What were teenage boys thinking when they heard the governor laugh at someone being called a b----? How about the teenage girls who look up to Palin. What did they think when they heard her laugh?

What do young boys think when they hear a governor laugh at a female elected official being described as a "b---h?" They think it is commendable behavior. What do teenage girls think when they hear a female governor laugh at the gendered put downs of another female member of government? They think that that women do not deserve to play active roles in American government--that they should be happy to be 'devoted' wives and mothers, but leave the governing to men.

The conversation America should be having about Gov. Sarah Palin, in other words, is not about women or gender or suffragettes. That is the communications plan the McCain campaign wants us all to follow.

Instead, Americans should use the Gov. Palin nomination as an opportunity to talk about the corrosive impact of right-wing media on our political culture.

If we are truly interested the politics of Gov. Palin, then we must be willing to look past the cynical effort by John McCain to use her gender to brand himself falsely as the inheritor of the women's rights movement. We should take this moment to focus the debate on the policy threats Gov.

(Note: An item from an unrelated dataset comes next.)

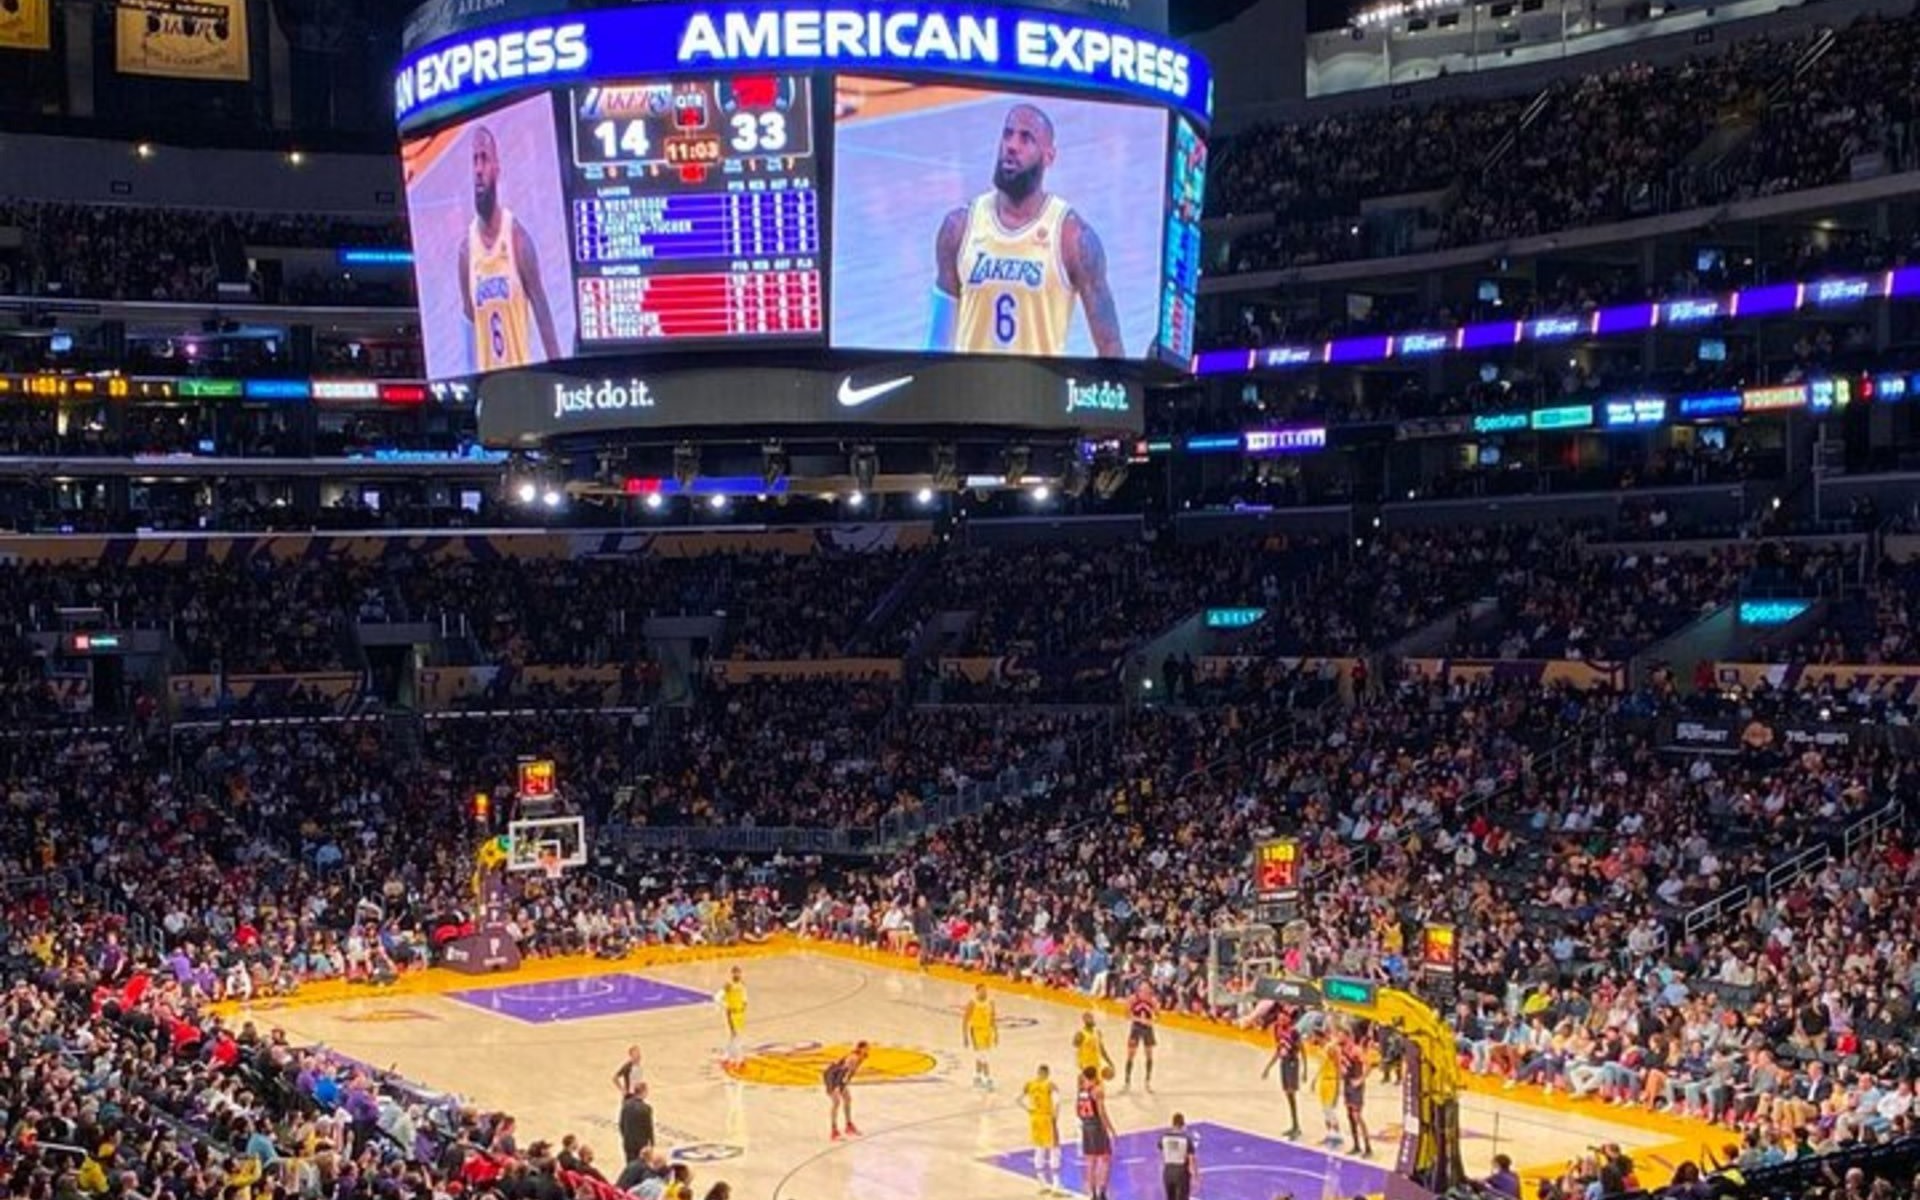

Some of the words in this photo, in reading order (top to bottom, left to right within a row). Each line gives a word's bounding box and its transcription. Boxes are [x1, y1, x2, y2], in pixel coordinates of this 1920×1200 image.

Palin brings to the table.

Among other concerns Gov. Palin has been described as a pro-life 'zealot' who believes that the victims of rape and incest should be subjugated by law to forced pregnancy and required to give birth to their assailant's child. One would be hard pressed to think of a form of punishment more cruel and inhumane, then a law that would sentence a woman to prison if she refused to give birth to the child of a man who raped her.

Cruelty, not gender. That, America, is Gov. Sarah Palin. And that is the discussion we should demand from our media.